Thanksgiving is one of my favorite times of year: the change of seasons, quality time with family and (let’s not forget) pumpkin-spice ev-er-y-thing.

But for many, the holidays also bring the stress of confronting (or not confronting) family and friends who have differing values or beliefs — a conflict that’s particularly strong in today’s polarized political climate. While it can be difficult, this time can also be an opportunity. To reconnect and rediscover what makes us similar. To deepen relationships and spark new connections. To plug into our powers of empathy and understanding. A meaningful conversation can be the most powerful tool we have for bringing people together. Sometimes, all that is missing is the right questions.
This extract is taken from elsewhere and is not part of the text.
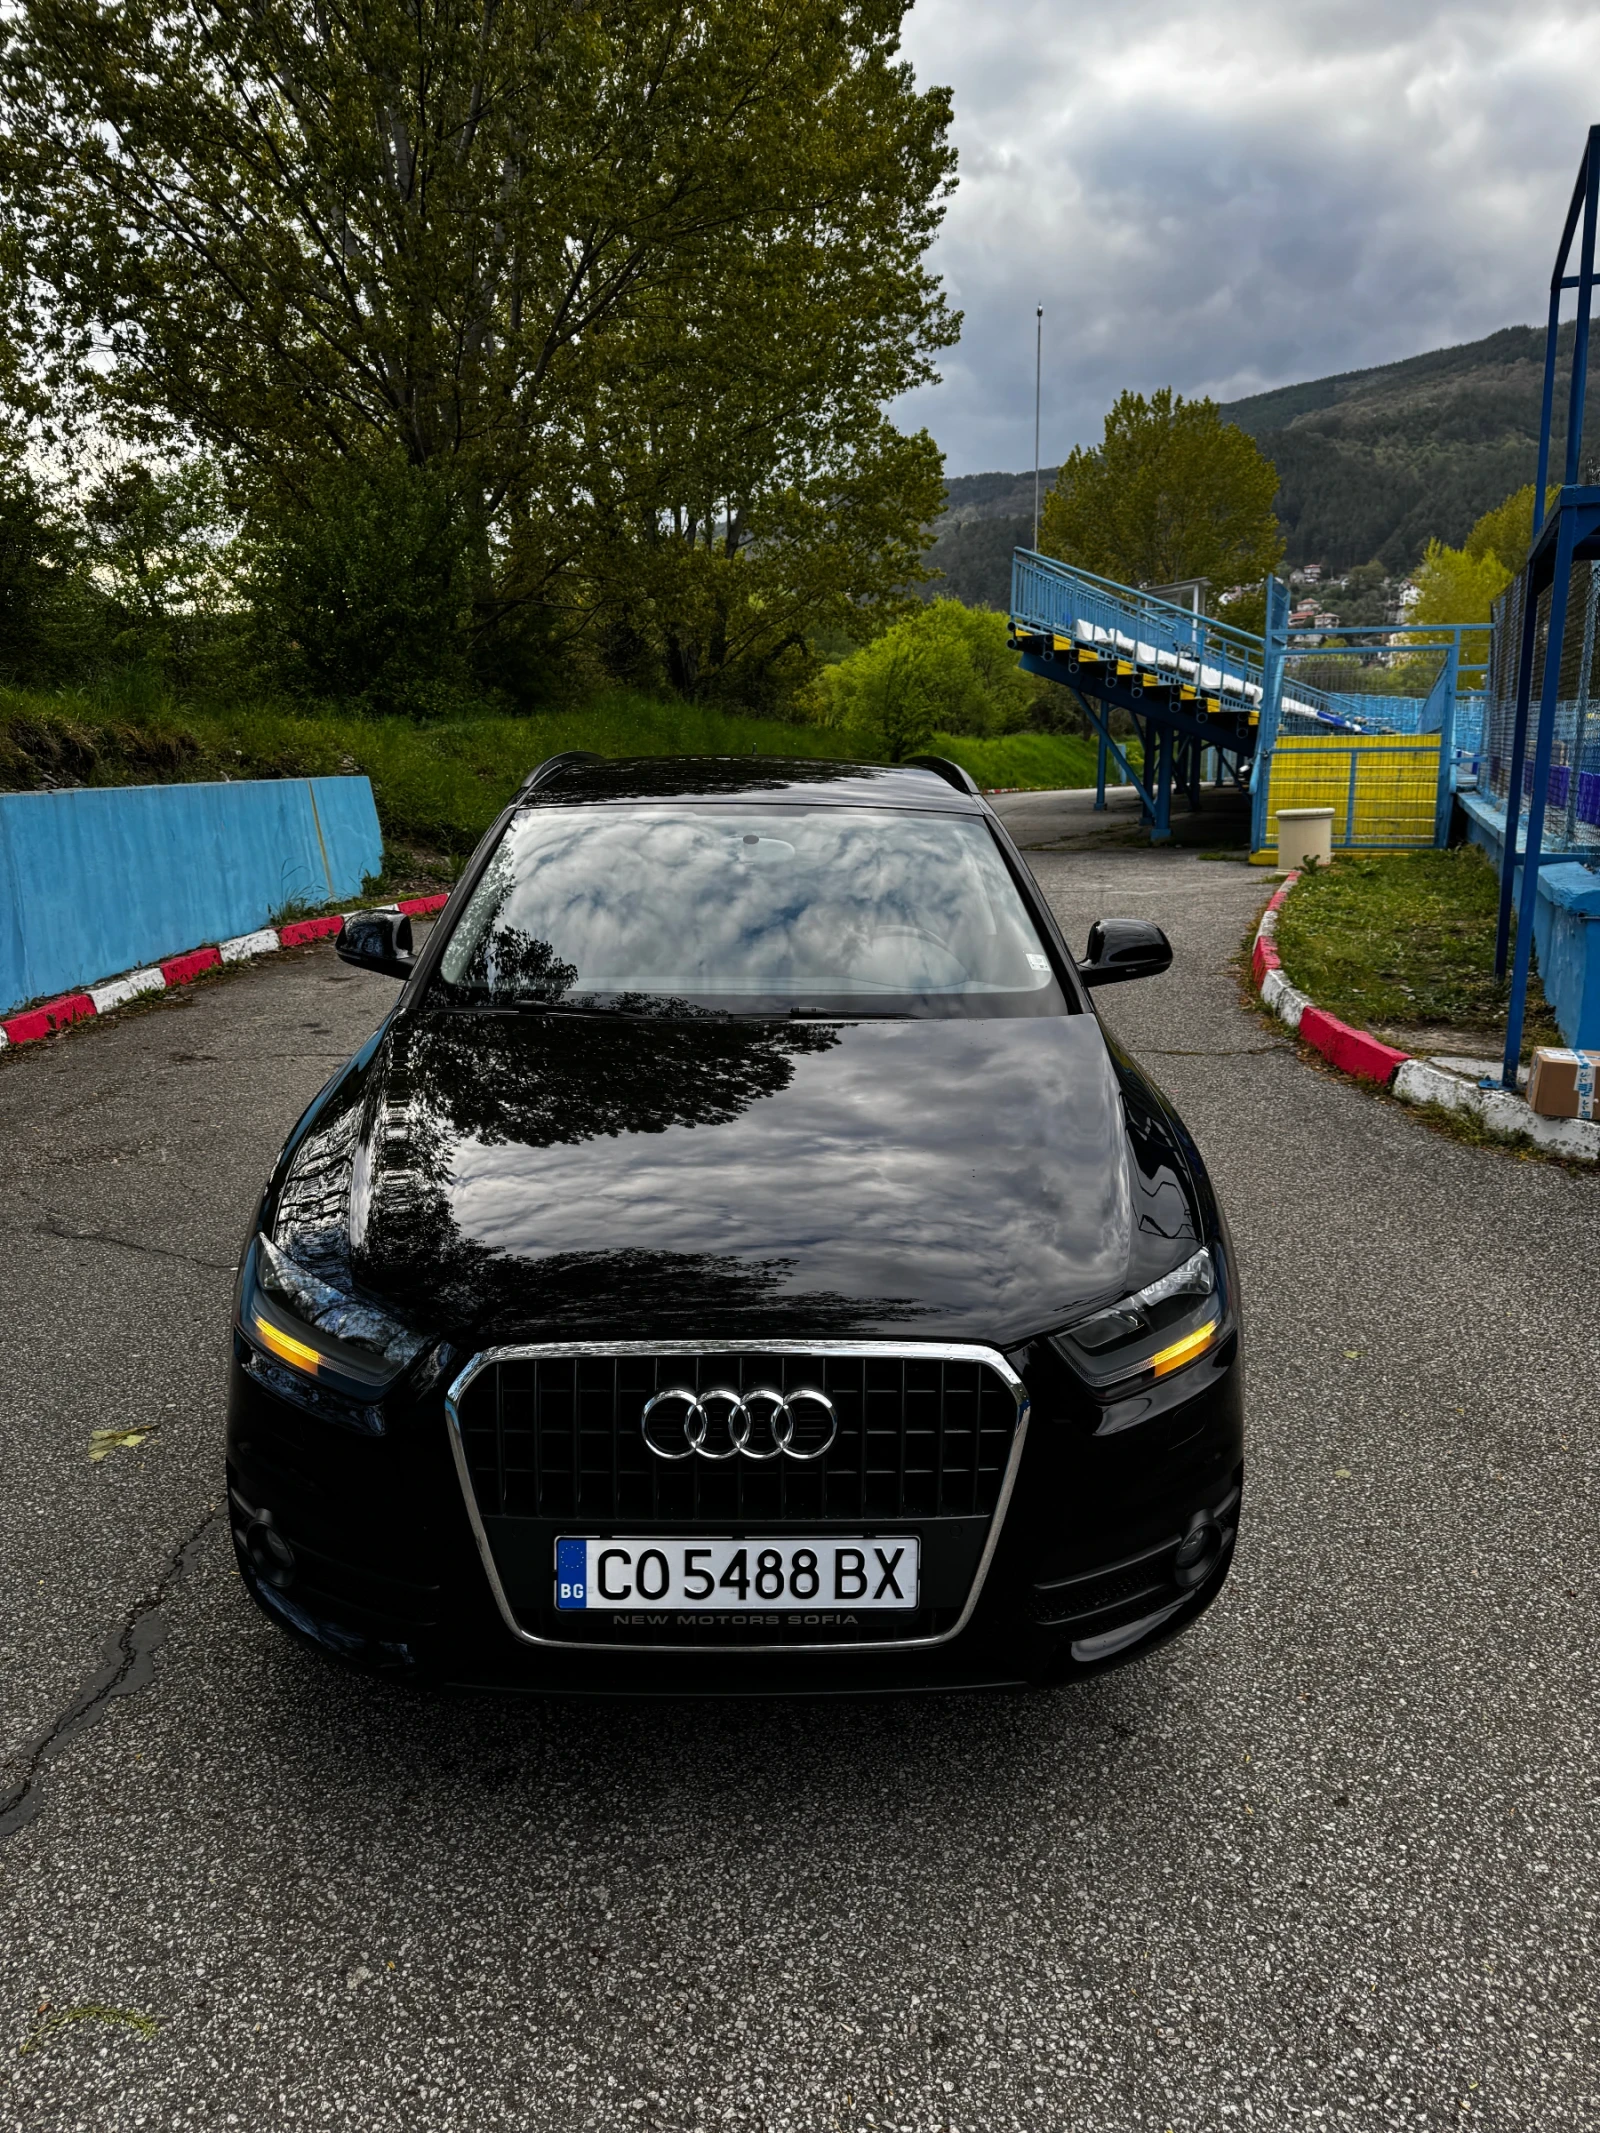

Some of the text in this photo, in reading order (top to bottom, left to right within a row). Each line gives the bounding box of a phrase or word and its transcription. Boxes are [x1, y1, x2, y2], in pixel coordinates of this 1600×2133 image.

With a multi-generational table, it can be hard to know what conversation-starters will draw out fun stories from a quiet uncle or keep a younger cousin engaged. Here are a few tips and questions to make your meal more memorable this November.

Setting the atmosphere:

Keep it casual. Just because you are being intentional about asking questions doesn’t mean this needs to feel like an interview. Keep things loose — ask follow-up questions, be interested, and be open!

Listen. A good conversation requires the people who are not talking to actively listen. Try and understand what someone is saying, without interrupting, talking over them or immediately rushing in with advice or a counter-story.

Be patient. Give time and space to the old, young, and shy to speak their mind. Everyone should get an equal chance to express themselves.

Make it fun! Sometimes asking a deep question can feel intense or awkward in a casual setting. This is where a game can help. A deck of conversation cards can take the awkwardness away — you can always “blame the card” for asking the tough question :-).

A few easy questions to start the conversation:

Icebreakers are the appetizers of good conversation, giving us a taste of what’s to come and leaving us hungry for more. Here are a few easy icebreaker questions to whet the table’s appetite:

  • What does a “perfect” day look like for you?
    What is one dish your parents or grandparents made that you wish you could?
  • Describe a time you thought your parents were 100% wrong but eventually learned they were kind of right.
  • What is the kindest thing a stranger has ever done for you?
  • Has anything ever happened to you that you could not, and cannot, explain?
  • What are you grateful for? (a Thanksgiving classic)

Deeper questions for a more meaningful dialogue:

Now that everyone is warmed up, take things to the next level. These questions should help people dig deeper, open up, and share more meaningful thoughts, feelings and stories:

  • If you had two minutes to talk to yourself from 10 years ago, what would you say?
  • What message would you put on a billboard that thousands of people would see every day?
  • How did you or will you know you are in love?
  • Who in your life are you most grateful for?
  • When in your life have you felt like you could never fully repay someone?
  • If you could gift all humans one thing, what would it be?

I hope that these tips and sampling of questions from our Reflection Cards will help you host a warm and welcoming dinner.

Wishing you a wonderful Thanksgiving!